= EXERCISE INSTRUCTIONS =
Quote the listing below in full and exactly as written, but omit every picture.

= DATASET RECORDS =
----
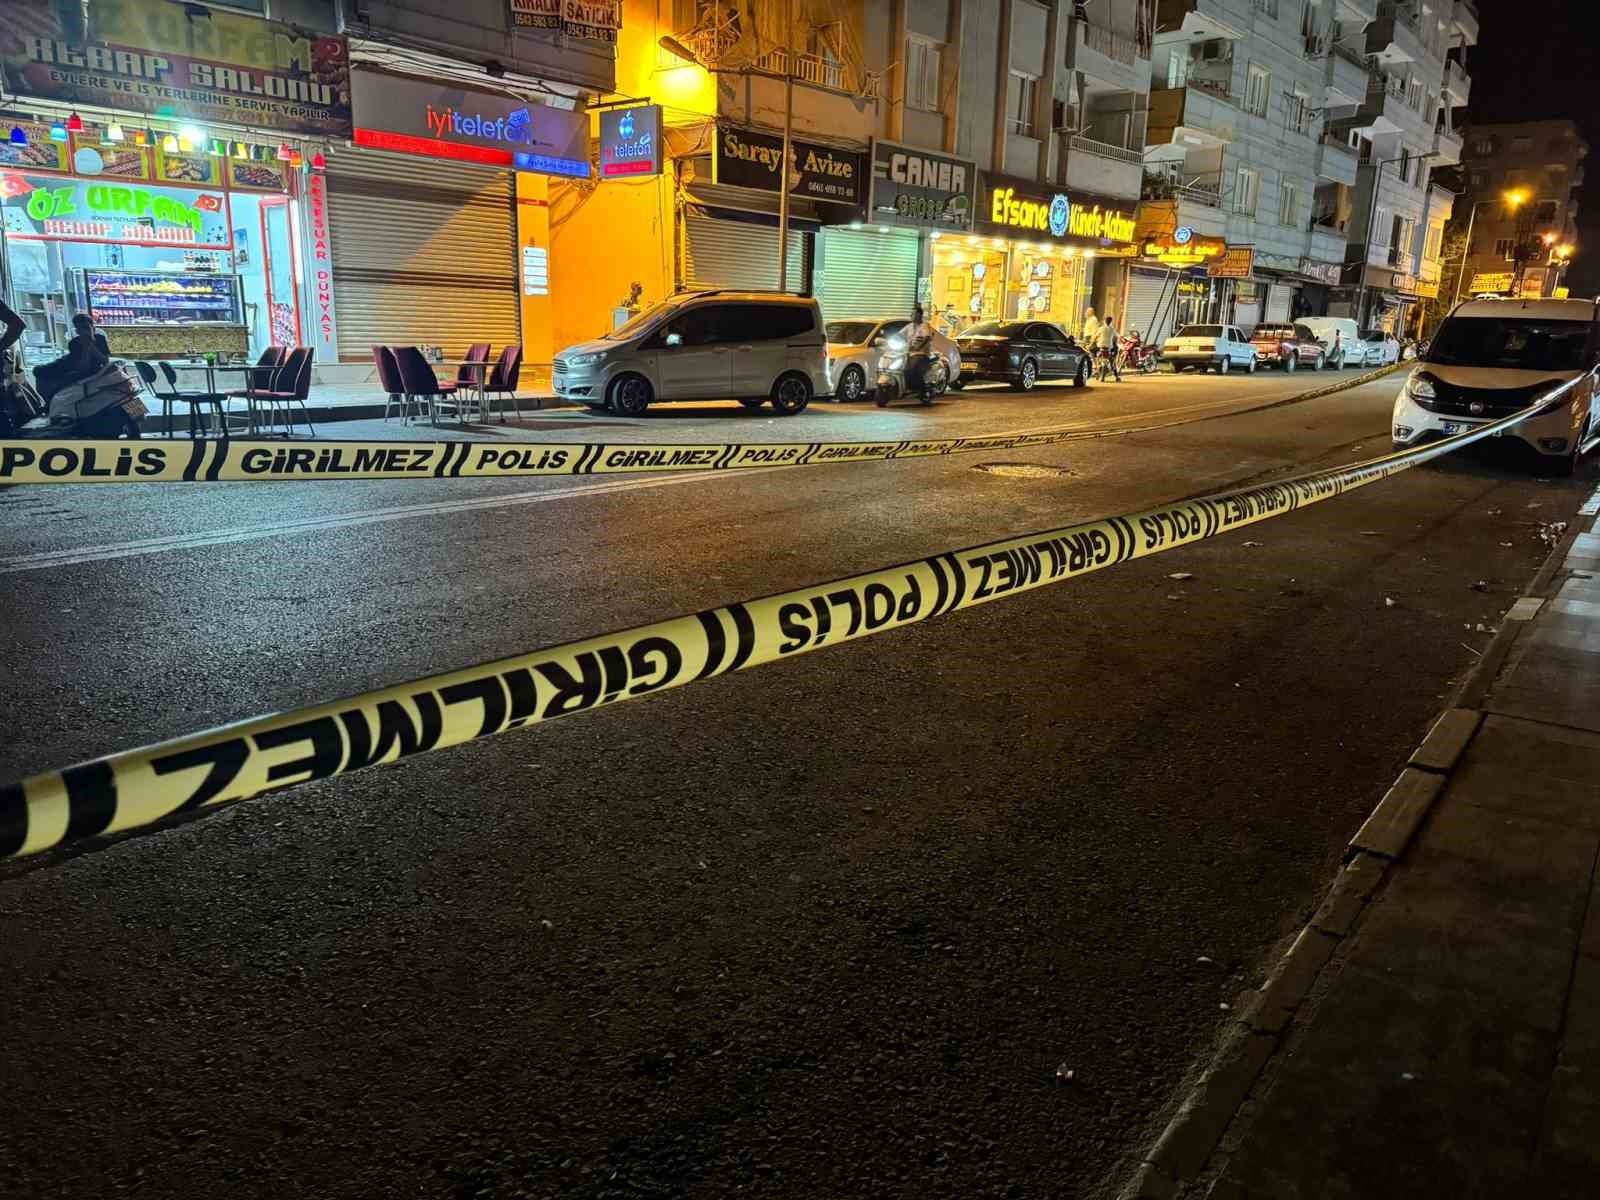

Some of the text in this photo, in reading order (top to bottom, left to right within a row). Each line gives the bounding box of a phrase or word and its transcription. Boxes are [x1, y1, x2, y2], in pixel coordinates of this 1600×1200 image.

[51, 70, 109, 89] EVLERE
[112, 78, 132, 93] VE
[189, 62, 331, 105] SALONU
[723, 133, 853, 178] Saray Avize
[891, 153, 966, 193] CANER
[86, 185, 202, 233] URFAM
[992, 188, 1049, 231] Efsane
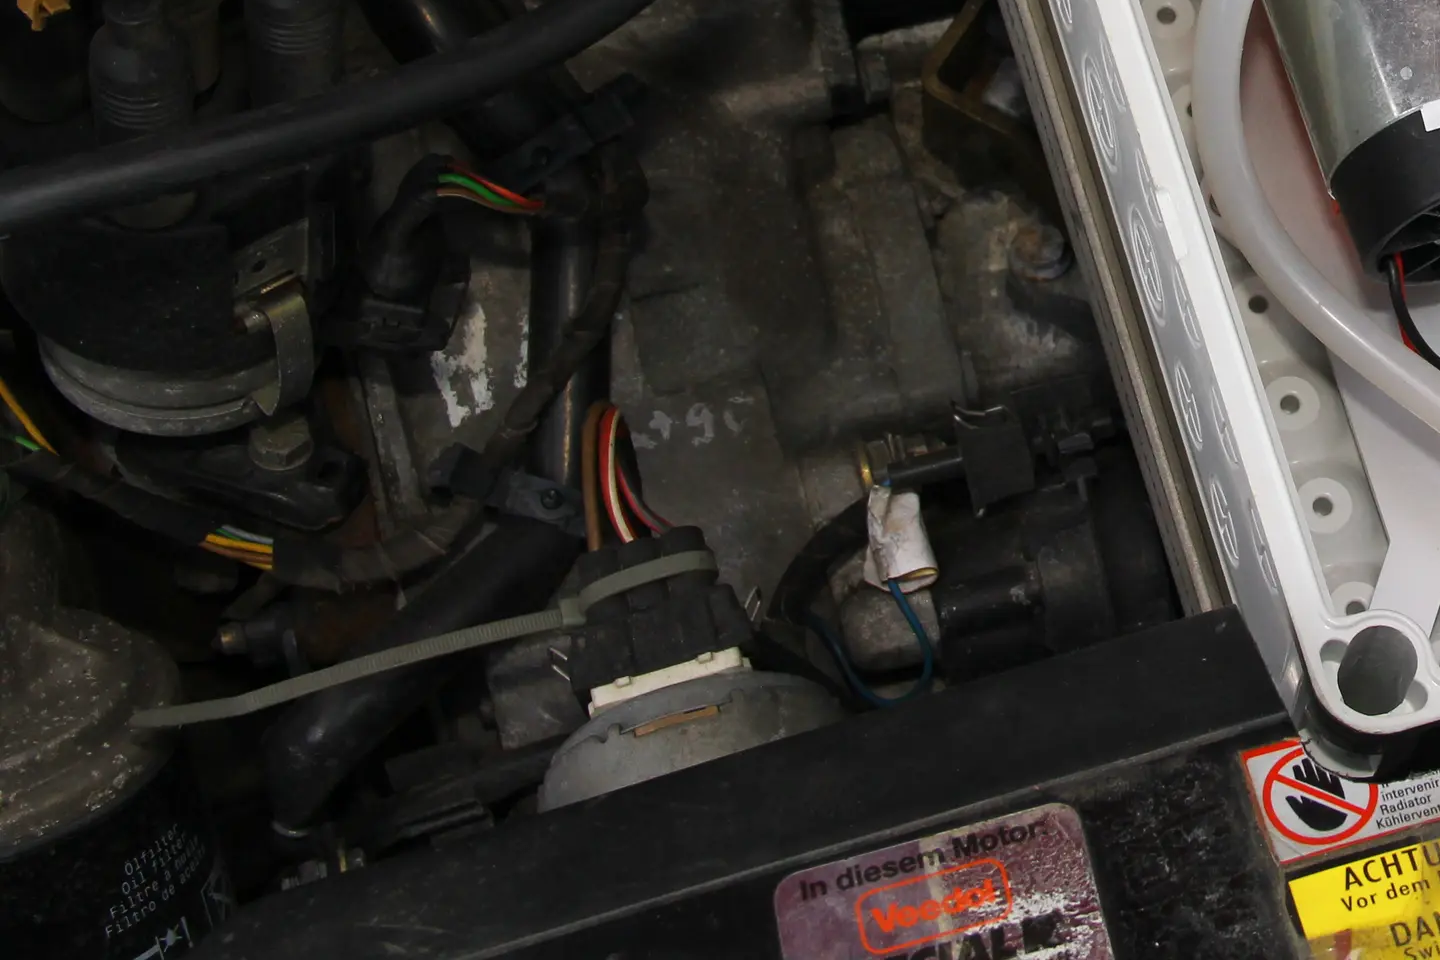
----
= REPLY =
Some of the text in this photo, in reading order (top to bottom, left to right within a row). Each line gives the bounding box of a phrase or word and its transcription. Boxes are [x1, y1, x2, y2], in pixel coordinates of this 1600×1200 image.

[51, 70, 109, 89] EVLERE
[112, 78, 132, 93] VE
[189, 62, 331, 105] SALONU
[723, 133, 853, 178] Saray Avize
[891, 153, 966, 193] CANER
[86, 185, 202, 233] URFAM
[992, 188, 1049, 231] Efsane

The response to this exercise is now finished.